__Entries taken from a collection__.
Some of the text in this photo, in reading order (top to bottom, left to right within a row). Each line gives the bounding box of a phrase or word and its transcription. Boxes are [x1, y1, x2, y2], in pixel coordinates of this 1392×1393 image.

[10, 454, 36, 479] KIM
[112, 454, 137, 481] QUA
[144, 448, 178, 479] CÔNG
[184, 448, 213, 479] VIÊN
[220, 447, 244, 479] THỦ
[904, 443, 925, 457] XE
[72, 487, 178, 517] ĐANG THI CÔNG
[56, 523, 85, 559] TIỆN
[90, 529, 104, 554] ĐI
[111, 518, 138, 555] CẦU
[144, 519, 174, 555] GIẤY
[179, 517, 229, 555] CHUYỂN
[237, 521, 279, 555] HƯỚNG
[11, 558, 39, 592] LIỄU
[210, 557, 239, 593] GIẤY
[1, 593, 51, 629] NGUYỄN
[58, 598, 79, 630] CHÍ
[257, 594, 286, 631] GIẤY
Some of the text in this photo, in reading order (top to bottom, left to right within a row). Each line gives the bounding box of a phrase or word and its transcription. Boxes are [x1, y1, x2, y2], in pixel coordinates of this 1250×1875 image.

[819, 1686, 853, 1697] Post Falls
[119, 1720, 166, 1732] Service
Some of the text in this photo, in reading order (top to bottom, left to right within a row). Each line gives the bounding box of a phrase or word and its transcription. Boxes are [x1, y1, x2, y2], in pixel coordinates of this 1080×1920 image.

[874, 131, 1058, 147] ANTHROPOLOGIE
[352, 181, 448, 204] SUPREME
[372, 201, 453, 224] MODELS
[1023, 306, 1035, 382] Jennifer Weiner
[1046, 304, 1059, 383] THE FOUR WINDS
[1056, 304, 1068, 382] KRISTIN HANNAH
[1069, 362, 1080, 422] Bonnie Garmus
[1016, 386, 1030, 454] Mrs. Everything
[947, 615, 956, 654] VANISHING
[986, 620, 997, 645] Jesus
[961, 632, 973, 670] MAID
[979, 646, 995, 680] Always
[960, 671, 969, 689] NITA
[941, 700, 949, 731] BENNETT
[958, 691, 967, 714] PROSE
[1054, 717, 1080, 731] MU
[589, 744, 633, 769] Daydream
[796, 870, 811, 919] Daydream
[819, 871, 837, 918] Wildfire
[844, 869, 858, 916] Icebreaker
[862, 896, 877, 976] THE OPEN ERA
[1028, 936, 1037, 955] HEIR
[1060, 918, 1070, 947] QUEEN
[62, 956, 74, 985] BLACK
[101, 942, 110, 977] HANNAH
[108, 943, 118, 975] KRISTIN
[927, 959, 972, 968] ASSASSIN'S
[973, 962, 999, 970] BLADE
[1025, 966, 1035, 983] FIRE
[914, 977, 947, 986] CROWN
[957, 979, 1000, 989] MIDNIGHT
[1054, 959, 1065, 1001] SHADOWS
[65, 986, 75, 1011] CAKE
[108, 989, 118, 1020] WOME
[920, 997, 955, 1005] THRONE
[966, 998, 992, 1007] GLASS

__What to work on__.
Word for word, restate each of the records above.

__Answer space__.
Some of the text in this photo, in reading order (top to bottom, left to right within a row). Each line gives the bounding box of a phrase or word and its transcription. Boxes are [x1, y1, x2, y2], in pixel coordinates of this 1392×1393 image.

[10, 454, 36, 479] KIM
[112, 454, 137, 481] QUA
[144, 448, 178, 479] CÔNG
[184, 448, 213, 479] VIÊN
[220, 447, 244, 479] THỦ
[904, 443, 925, 457] XE
[72, 487, 178, 517] ĐANG THI CÔNG
[56, 523, 85, 559] TIỆN
[90, 529, 104, 554] ĐI
[111, 518, 138, 555] CẦU
[144, 519, 174, 555] GIẤY
[179, 517, 229, 555] CHUYỂN
[237, 521, 279, 555] HƯỚNG
[11, 558, 39, 592] LIỄU
[210, 557, 239, 593] GIẤY
[1, 593, 51, 629] NGUYỄN
[58, 598, 79, 630] CHÍ
[257, 594, 286, 631] GIẤY
Some of the text in this photo, in reading order (top to bottom, left to right within a row). Each line gives the bounding box of a phrase or word and its transcription. Boxes are [x1, y1, x2, y2], in pixel coordinates of this 1250×1875 image.

[819, 1686, 853, 1697] Post Falls
[119, 1720, 166, 1732] Service
Some of the text in this photo, in reading order (top to bottom, left to right within a row). Each line gives the bounding box of a phrase or word and its transcription. Boxes are [x1, y1, x2, y2], in pixel coordinates of this 1080×1920 image.

[874, 131, 1058, 147] ANTHROPOLOGIE
[352, 181, 448, 204] SUPREME
[372, 201, 453, 224] MODELS
[1023, 306, 1035, 382] Jennifer Weiner
[1046, 304, 1059, 383] THE FOUR WINDS
[1056, 304, 1068, 382] KRISTIN HANNAH
[1069, 362, 1080, 422] Bonnie Garmus
[1016, 386, 1030, 454] Mrs. Everything
[947, 615, 956, 654] VANISHING
[986, 620, 997, 645] Jesus
[961, 632, 973, 670] MAID
[979, 646, 995, 680] Always
[960, 671, 969, 689] NITA
[941, 700, 949, 731] BENNETT
[958, 691, 967, 714] PROSE
[1054, 717, 1080, 731] MU
[589, 744, 633, 769] Daydream
[796, 870, 811, 919] Daydream
[819, 871, 837, 918] Wildfire
[844, 869, 858, 916] Icebreaker
[862, 896, 877, 976] THE OPEN ERA
[1028, 936, 1037, 955] HEIR
[1060, 918, 1070, 947] QUEEN
[62, 956, 74, 985] BLACK
[101, 942, 110, 977] HANNAH
[108, 943, 118, 975] KRISTIN
[927, 959, 972, 968] ASSASSIN'S
[973, 962, 999, 970] BLADE
[1025, 966, 1035, 983] FIRE
[914, 977, 947, 986] CROWN
[957, 979, 1000, 989] MIDNIGHT
[1054, 959, 1065, 1001] SHADOWS
[65, 986, 75, 1011] CAKE
[108, 989, 118, 1020] WOME
[920, 997, 955, 1005] THRONE
[966, 998, 992, 1007] GLASS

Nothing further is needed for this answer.